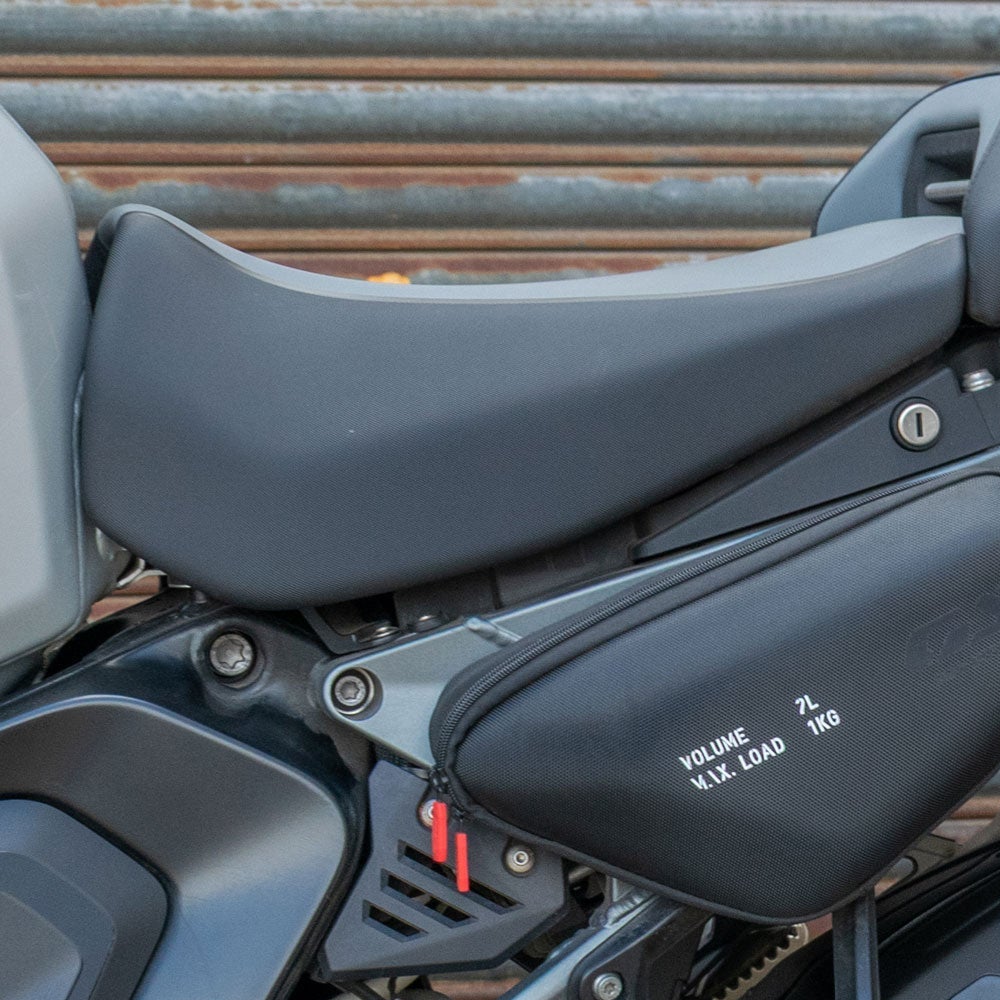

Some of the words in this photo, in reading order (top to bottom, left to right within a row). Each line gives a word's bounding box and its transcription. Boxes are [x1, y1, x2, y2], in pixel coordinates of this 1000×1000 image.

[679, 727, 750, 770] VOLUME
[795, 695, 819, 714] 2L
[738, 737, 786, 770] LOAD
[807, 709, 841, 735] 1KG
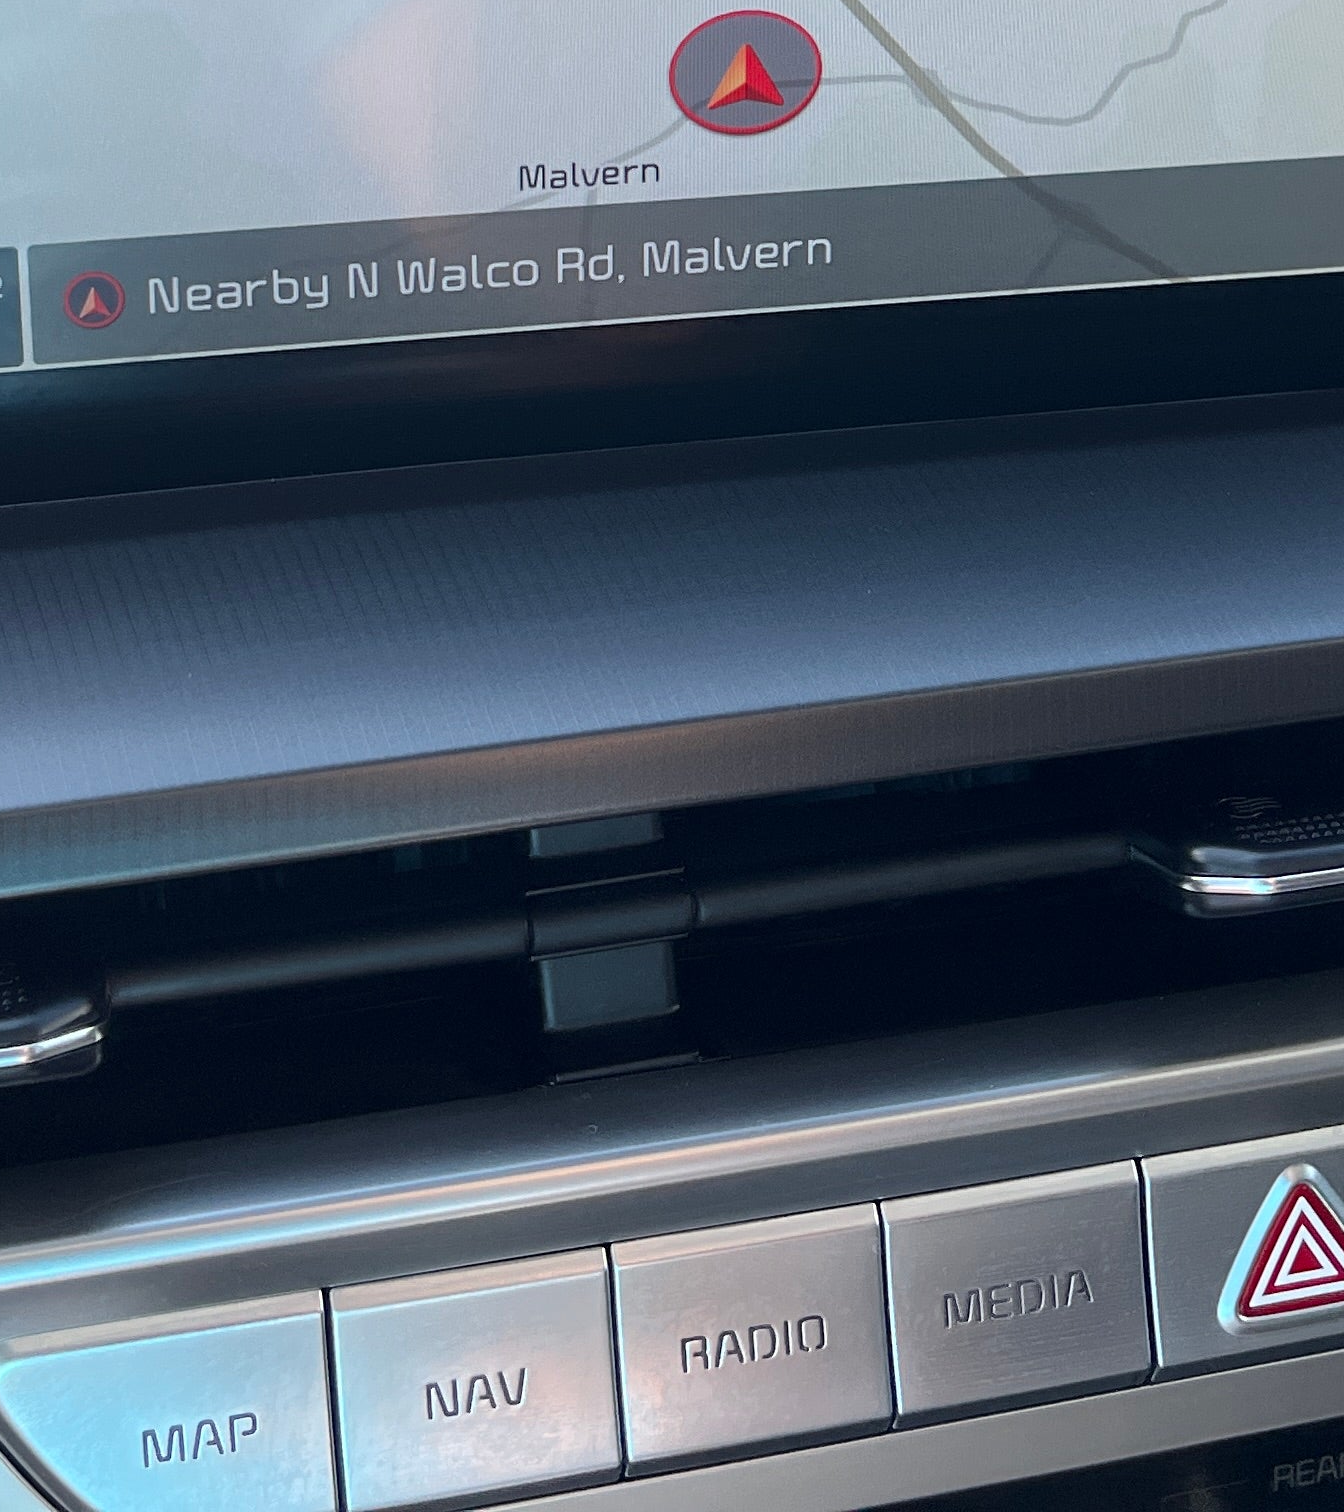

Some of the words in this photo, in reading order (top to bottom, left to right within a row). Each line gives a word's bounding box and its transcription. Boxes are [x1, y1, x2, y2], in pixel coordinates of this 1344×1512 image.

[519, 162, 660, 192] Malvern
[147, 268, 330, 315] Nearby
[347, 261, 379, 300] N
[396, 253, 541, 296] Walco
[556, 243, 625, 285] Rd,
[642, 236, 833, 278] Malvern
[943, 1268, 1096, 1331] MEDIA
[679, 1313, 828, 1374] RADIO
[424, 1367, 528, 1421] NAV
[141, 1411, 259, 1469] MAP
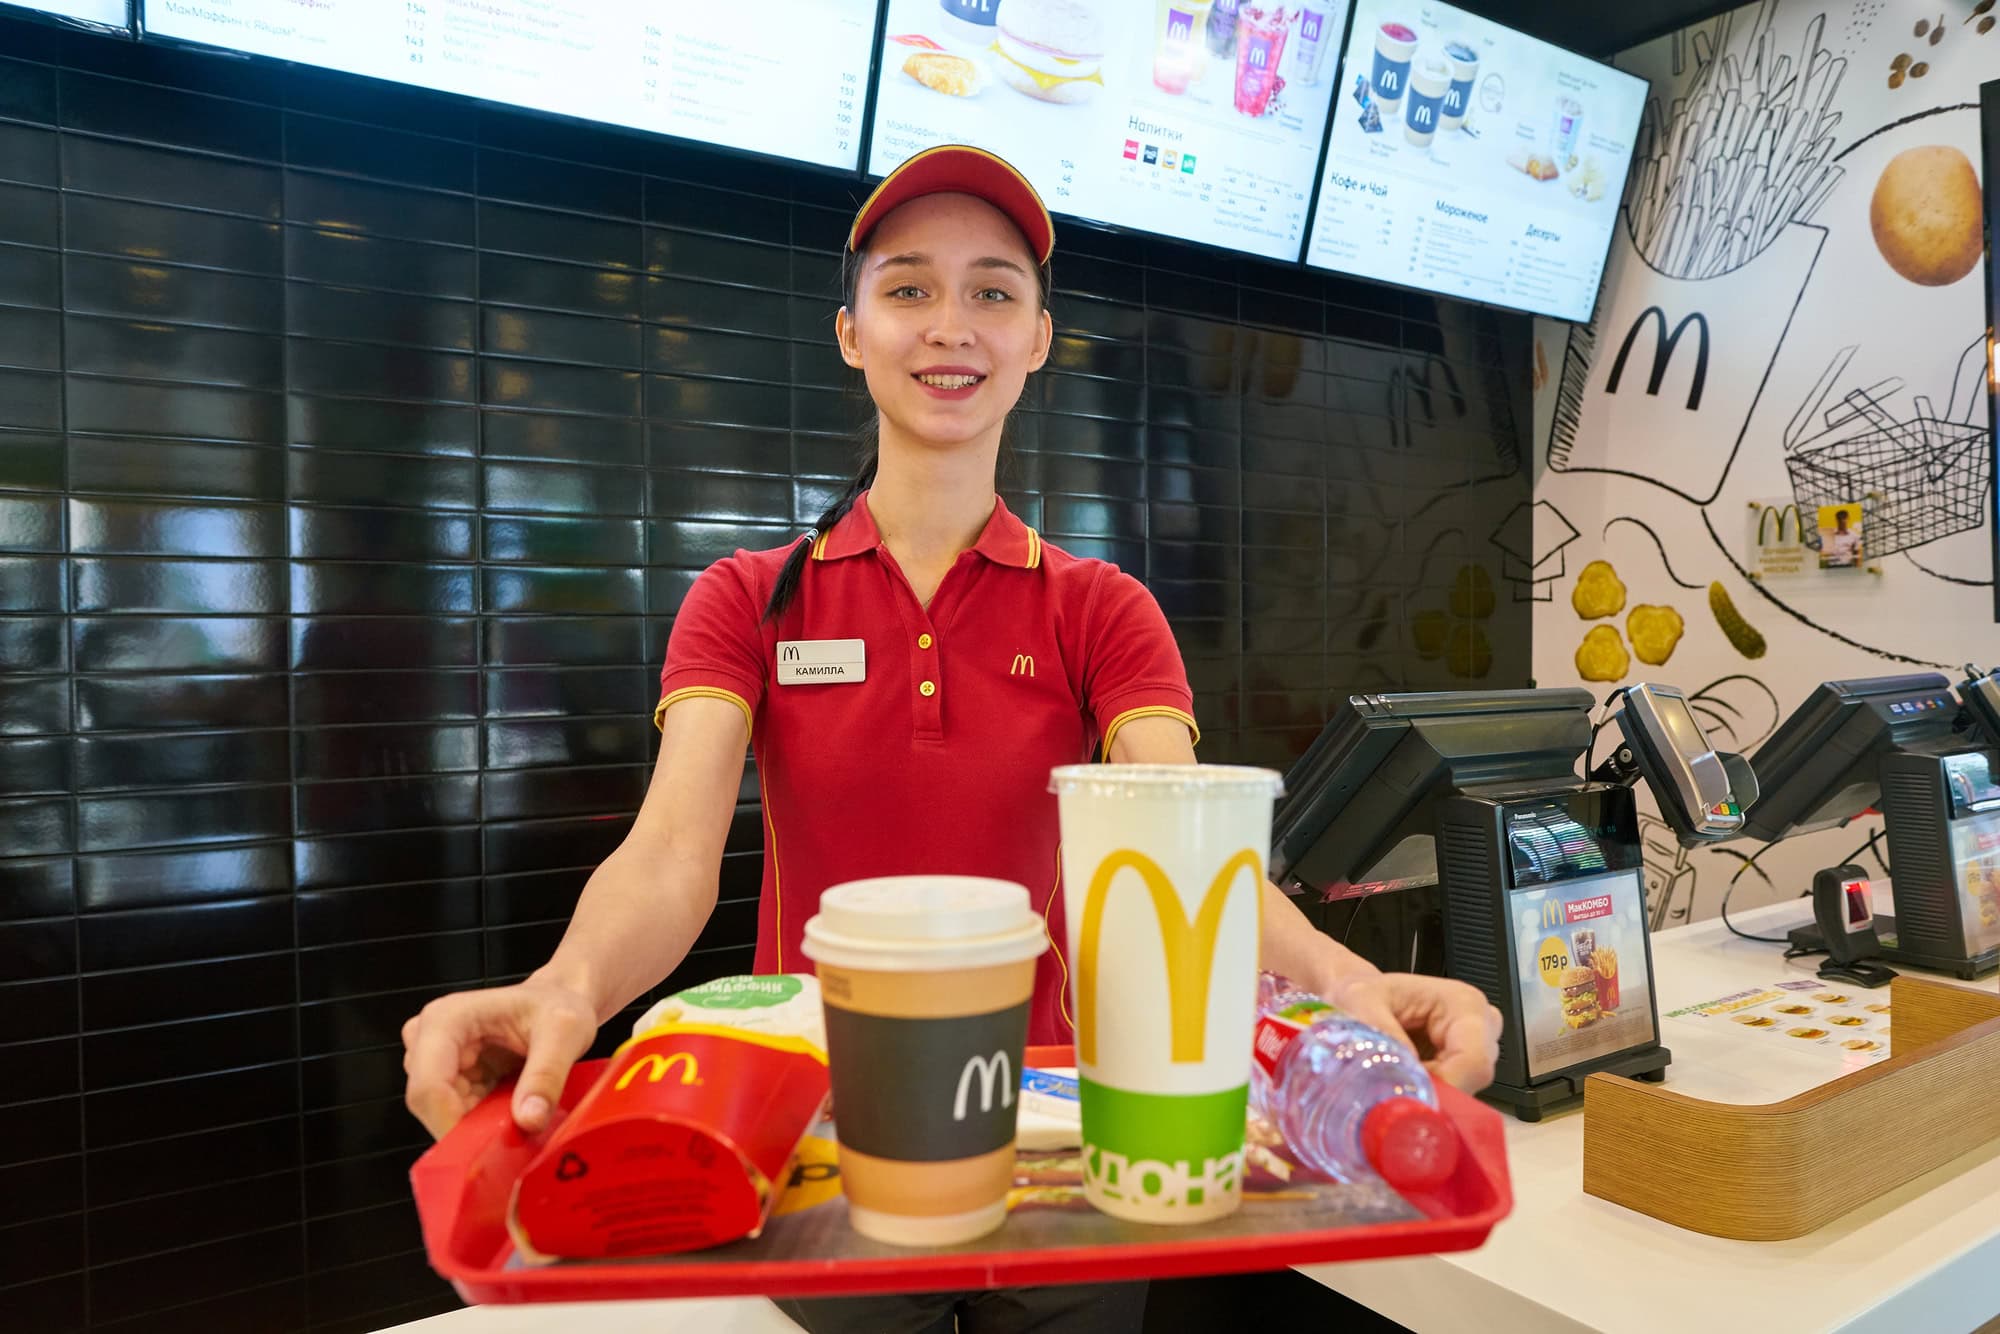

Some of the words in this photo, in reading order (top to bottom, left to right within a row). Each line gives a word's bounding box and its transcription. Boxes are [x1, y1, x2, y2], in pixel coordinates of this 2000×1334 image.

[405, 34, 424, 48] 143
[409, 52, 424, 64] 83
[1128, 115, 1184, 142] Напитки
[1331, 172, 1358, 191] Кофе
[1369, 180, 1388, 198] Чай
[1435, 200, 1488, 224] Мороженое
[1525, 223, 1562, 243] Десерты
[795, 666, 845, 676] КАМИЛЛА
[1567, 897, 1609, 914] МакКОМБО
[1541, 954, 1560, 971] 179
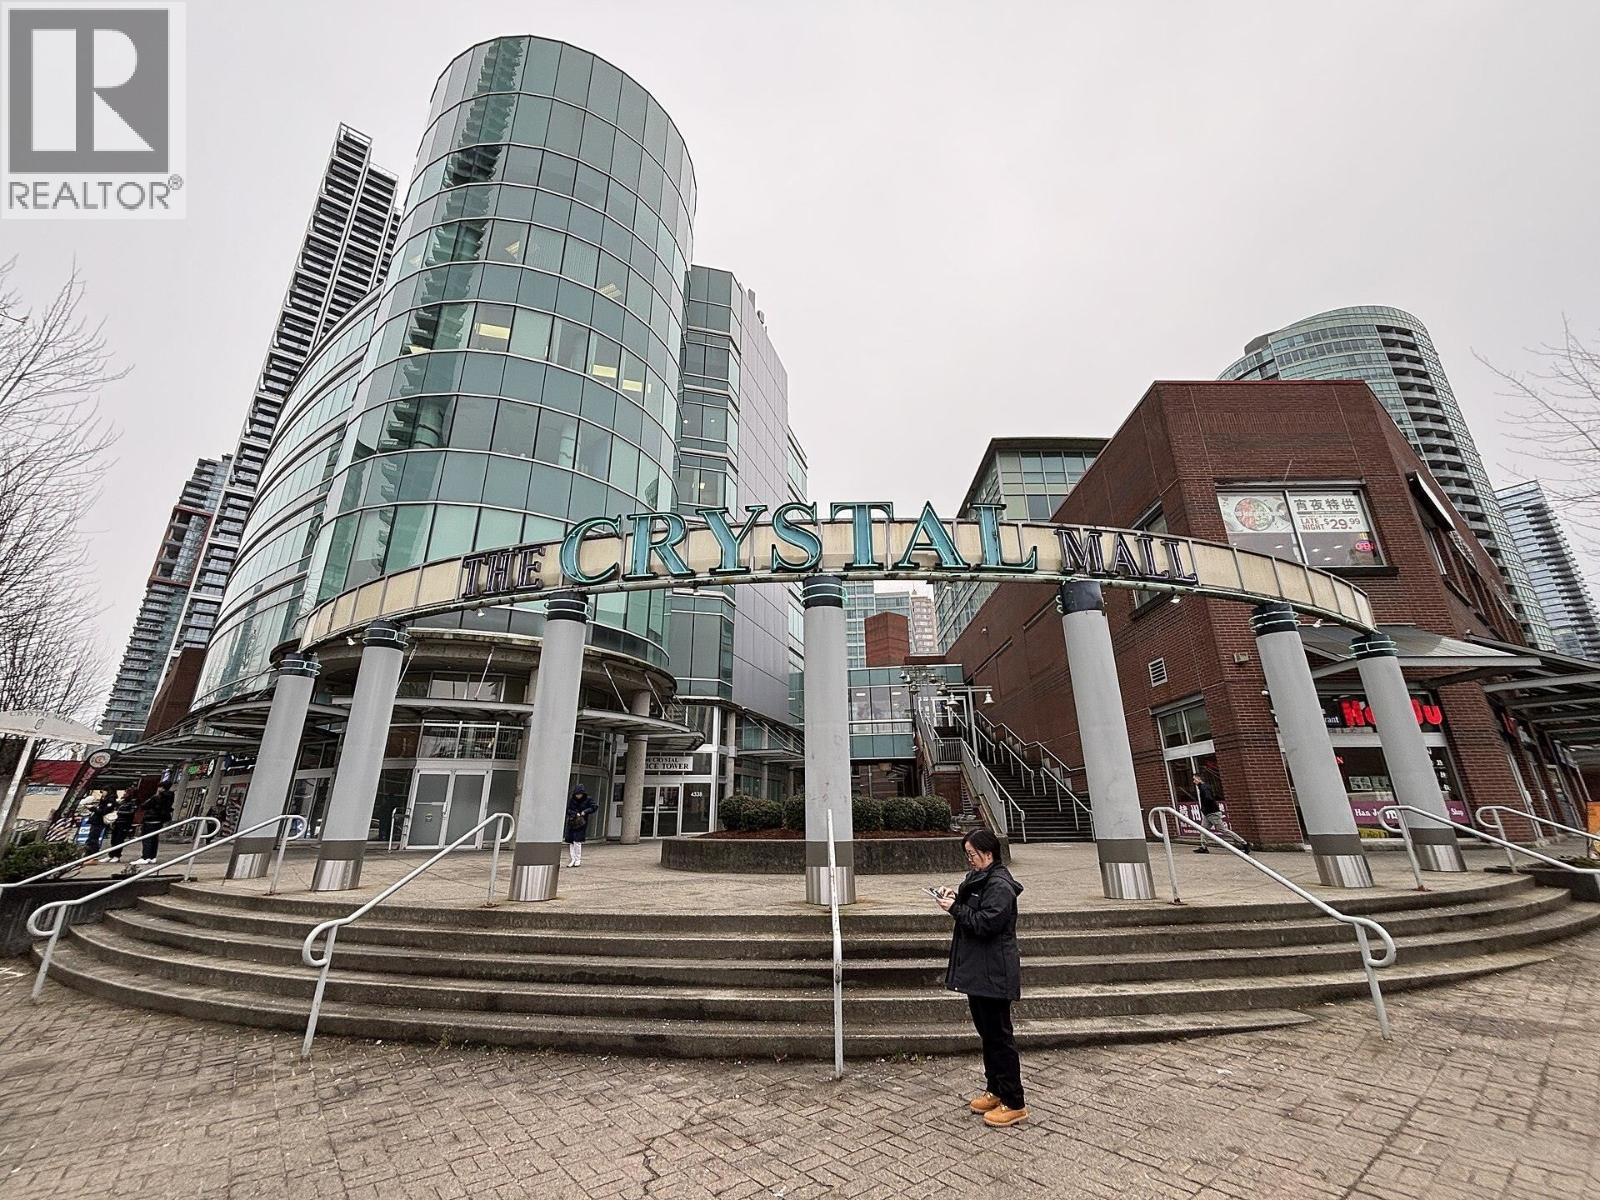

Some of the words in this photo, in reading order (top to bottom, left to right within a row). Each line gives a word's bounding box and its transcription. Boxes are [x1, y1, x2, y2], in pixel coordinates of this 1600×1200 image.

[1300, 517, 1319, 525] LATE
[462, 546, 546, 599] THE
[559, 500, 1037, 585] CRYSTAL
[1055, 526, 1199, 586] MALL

* Task objective
Omit the pictures; restate every entry word for word.

* Exercise solution
Some of the words in this photo, in reading order (top to bottom, left to right within a row). Each line gives a word's bounding box and its transcription. Boxes are [x1, y1, x2, y2], in pixel coordinates of this 1000×1000 image.

[679, 727, 750, 770] VOLUME
[795, 695, 819, 714] 2L
[738, 737, 786, 770] LOAD
[807, 709, 841, 735] 1KG

Some of the words in this photo, in reading order (top to bottom, left to right within a row). Each line gives a word's bounding box and its transcription. Boxes are [x1, y1, x2, y2], in pixel coordinates of this 1344×1512 image.

[519, 162, 660, 192] Malvern
[147, 268, 330, 315] Nearby
[347, 261, 379, 300] N
[396, 253, 541, 296] Walco
[556, 243, 625, 285] Rd,
[642, 236, 833, 278] Malvern
[943, 1268, 1096, 1331] MEDIA
[679, 1313, 828, 1374] RADIO
[424, 1367, 528, 1421] NAV
[141, 1411, 259, 1469] MAP

Some of the words in this photo, in reading order (top to bottom, left to right within a row). Each line gives a word's bounding box and its transcription. Boxes are [x1, y1, x2, y2], in pixel coordinates of this 2000×1334 image.

[405, 34, 424, 48] 143
[409, 52, 424, 64] 83
[1128, 115, 1184, 142] Напитки
[1331, 172, 1358, 191] Кофе
[1369, 180, 1388, 198] Чай
[1435, 200, 1488, 224] Мороженое
[1525, 223, 1562, 243] Десерты
[795, 666, 845, 676] КАМИЛЛА
[1567, 897, 1609, 914] МакКОМБО
[1541, 954, 1560, 971] 179

Some of the words in this photo, in reading order (top to bottom, left to right within a row). Each line gives a word's bounding box and its transcription. Boxes are [x1, y1, x2, y2], in pixel coordinates of this 1600×1200 image.

[1300, 517, 1319, 525] LATE
[462, 546, 546, 599] THE
[559, 500, 1037, 585] CRYSTAL
[1055, 526, 1199, 586] MALL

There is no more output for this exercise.